[Spatial localization data]
---

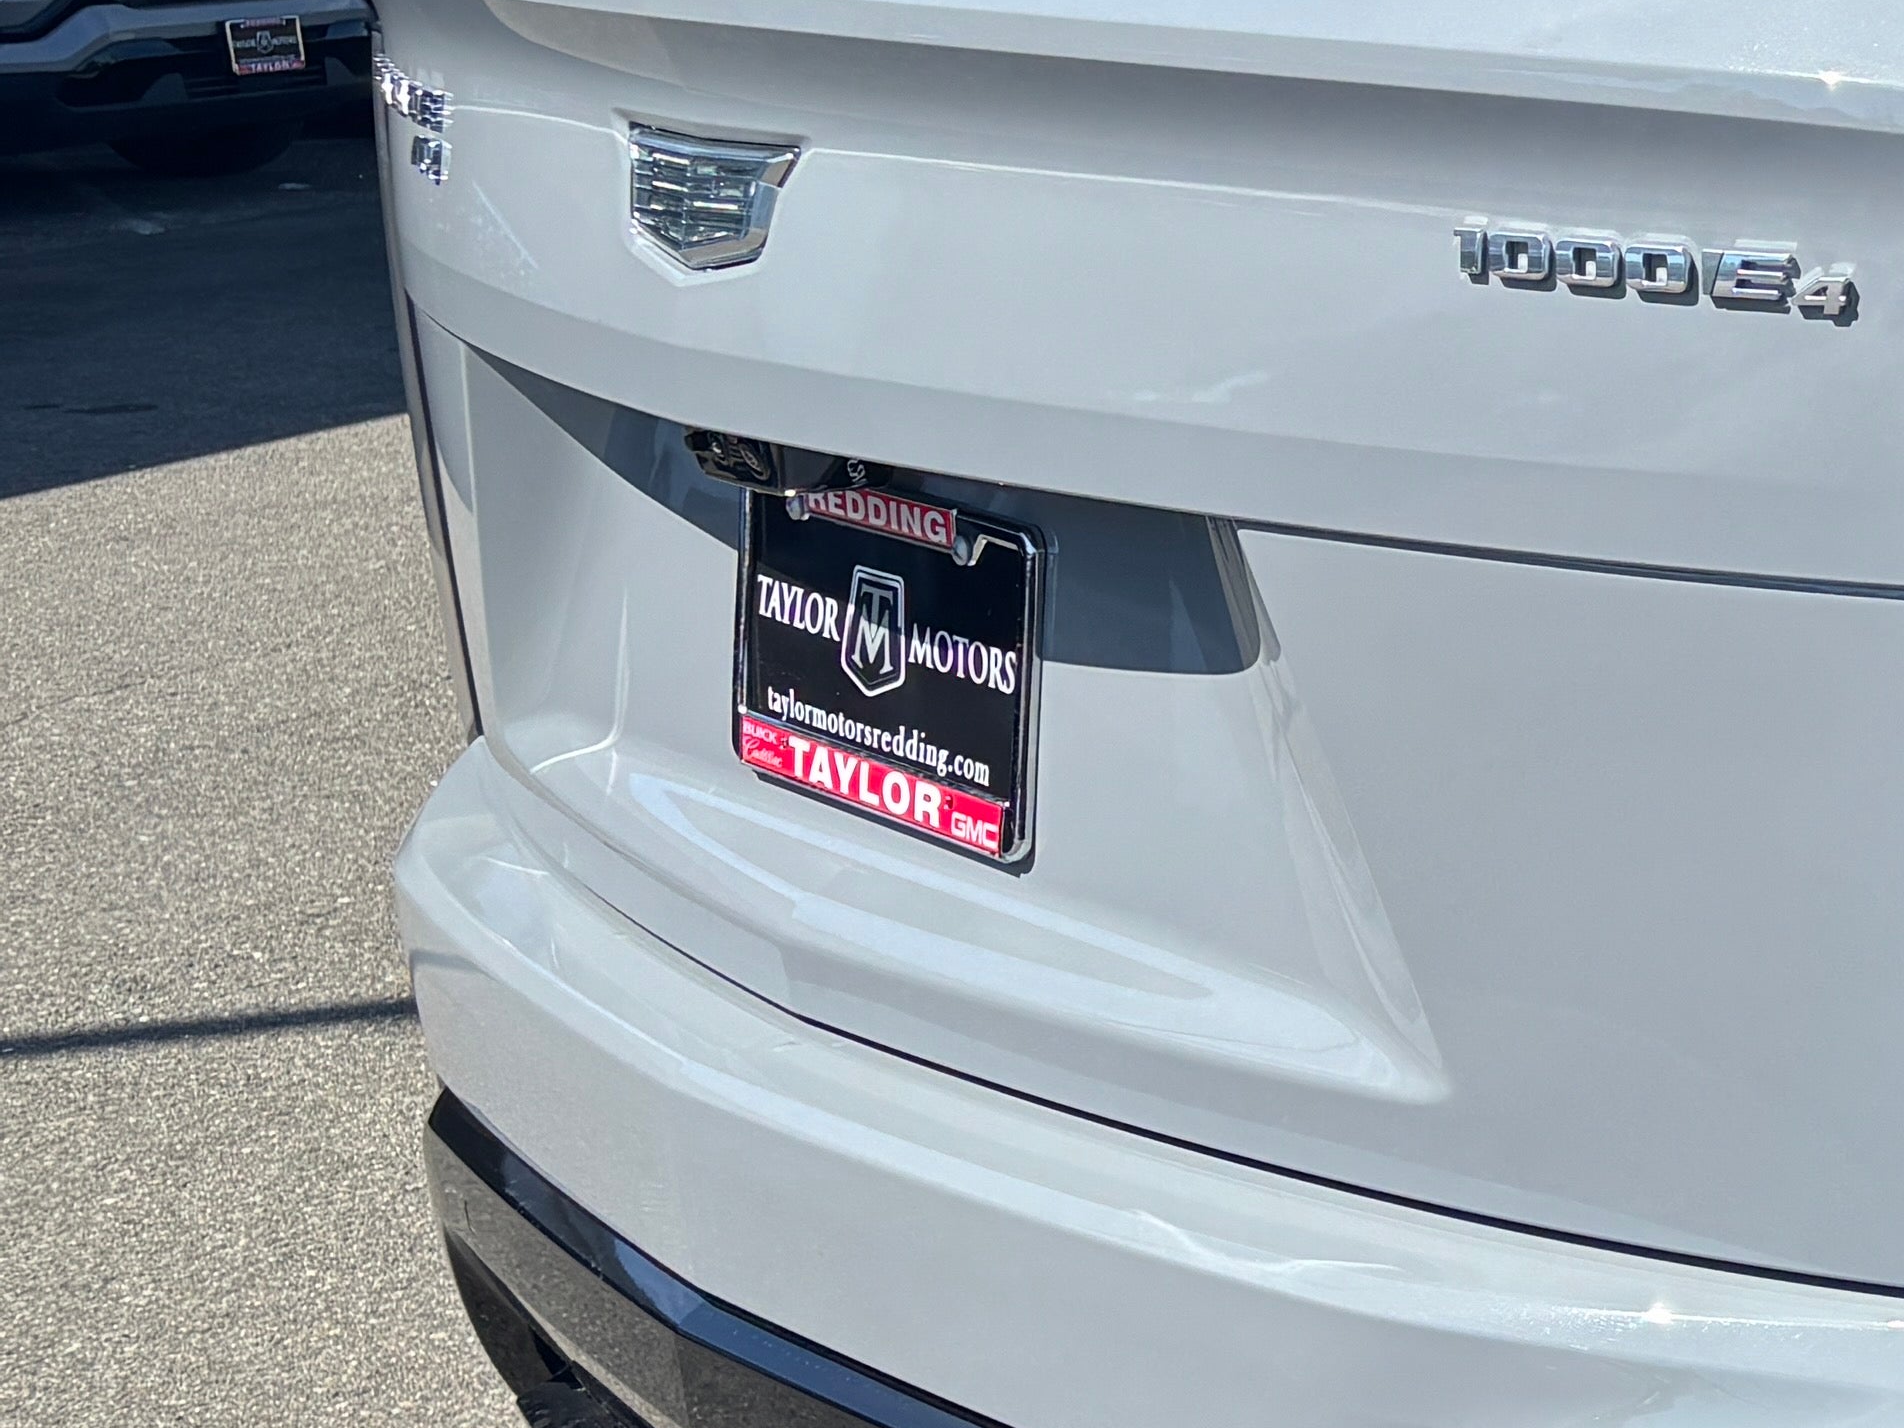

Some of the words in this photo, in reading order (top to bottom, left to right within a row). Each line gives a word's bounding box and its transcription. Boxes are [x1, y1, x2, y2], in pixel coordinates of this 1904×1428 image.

[808, 489, 948, 544] REDDING
[757, 574, 841, 642] TAYLOR
[908, 622, 1018, 695] MOTORS
[742, 720, 778, 746] BUICK
[742, 738, 783, 769] Cadillac
[767, 684, 991, 788] taylormotorsredding.com
[788, 734, 941, 829] TAYLOR
[950, 811, 1000, 850] GMC
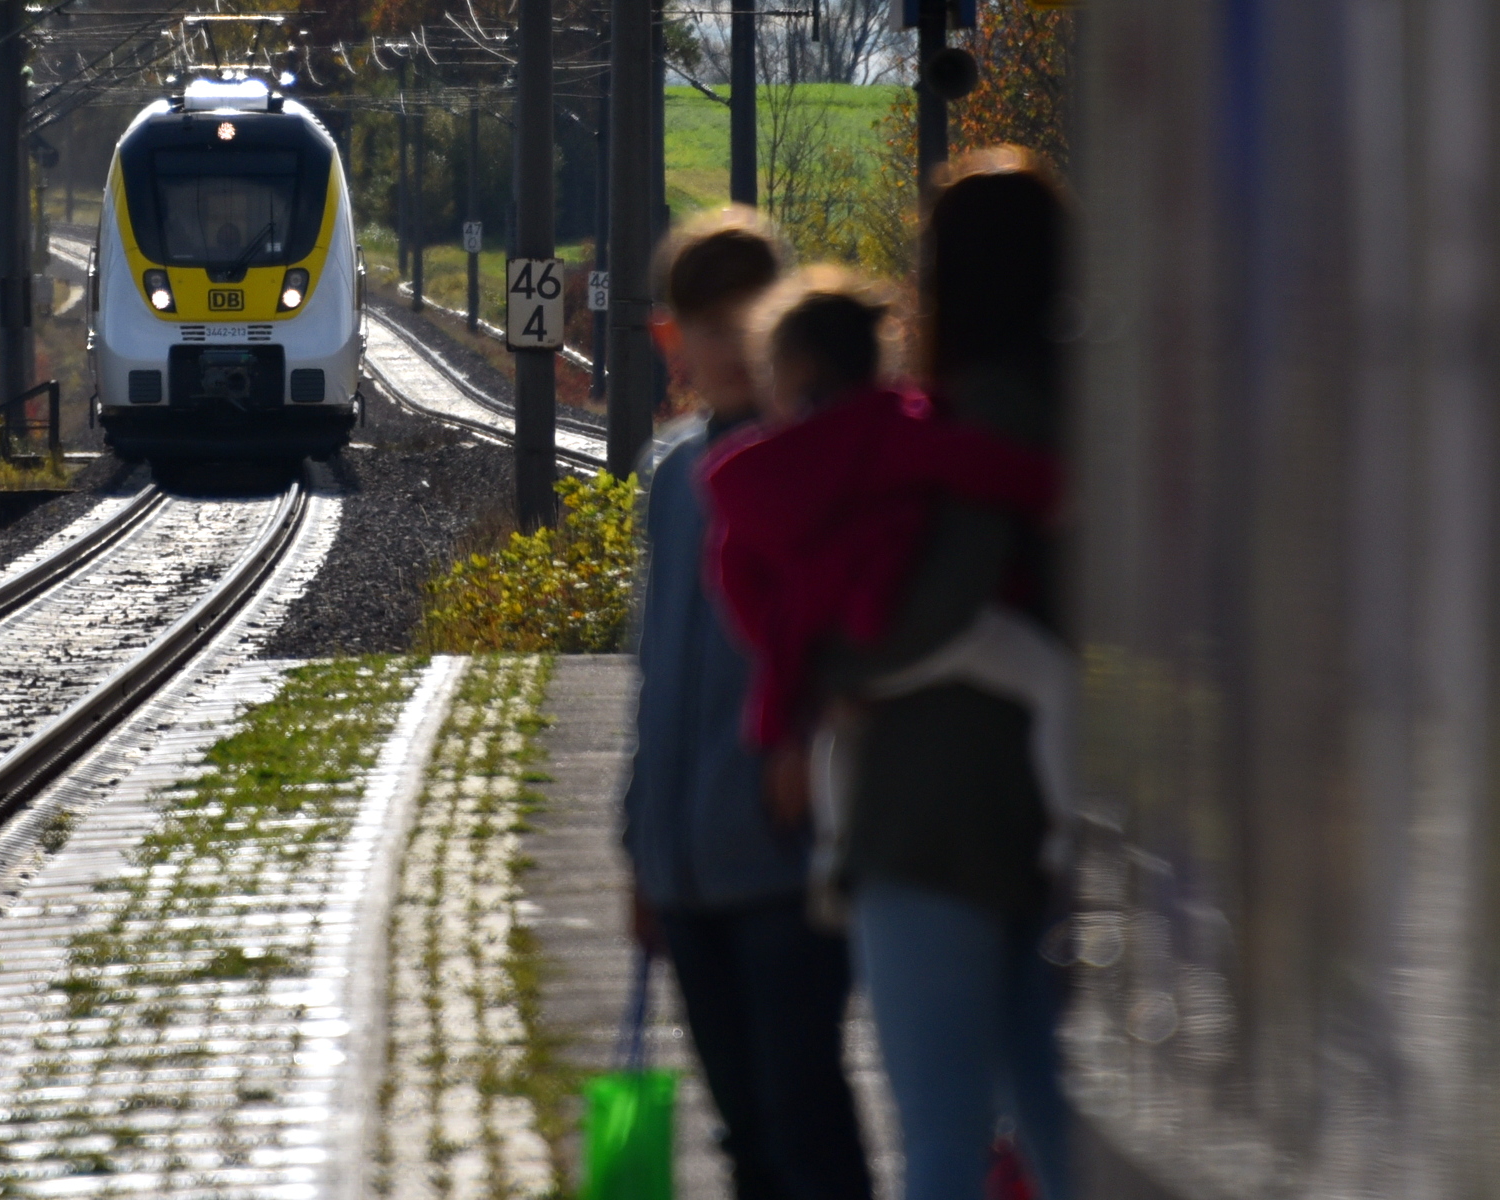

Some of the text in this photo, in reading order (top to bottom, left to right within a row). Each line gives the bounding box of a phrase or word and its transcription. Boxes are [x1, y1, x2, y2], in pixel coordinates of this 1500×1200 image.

---

▸ **ASSIGNED TASK**: What is needed here is an exact transcription of every record above, with images excluded.

▸ **RESULT**:
Some of the words in this photo, in reading order (top to bottom, left to right within a row). Each line gives a word's bounding box and its transcription. Boxes are [x1, y1, x2, y2], in pixel coordinates of this 1904×1428 image.

[808, 489, 948, 544] REDDING
[757, 574, 841, 642] TAYLOR
[908, 622, 1018, 695] MOTORS
[742, 720, 778, 746] BUICK
[742, 738, 783, 769] Cadillac
[767, 684, 991, 788] taylormotorsredding.com
[788, 734, 941, 829] TAYLOR
[950, 811, 1000, 850] GMC

Some of the text in this photo, in reading order (top to bottom, left to right within a row). Each line gives the bounding box of a phrase or word and its transcription. Boxes are [x1, y1, x2, y2], in pixel coordinates of this 1500×1200 image.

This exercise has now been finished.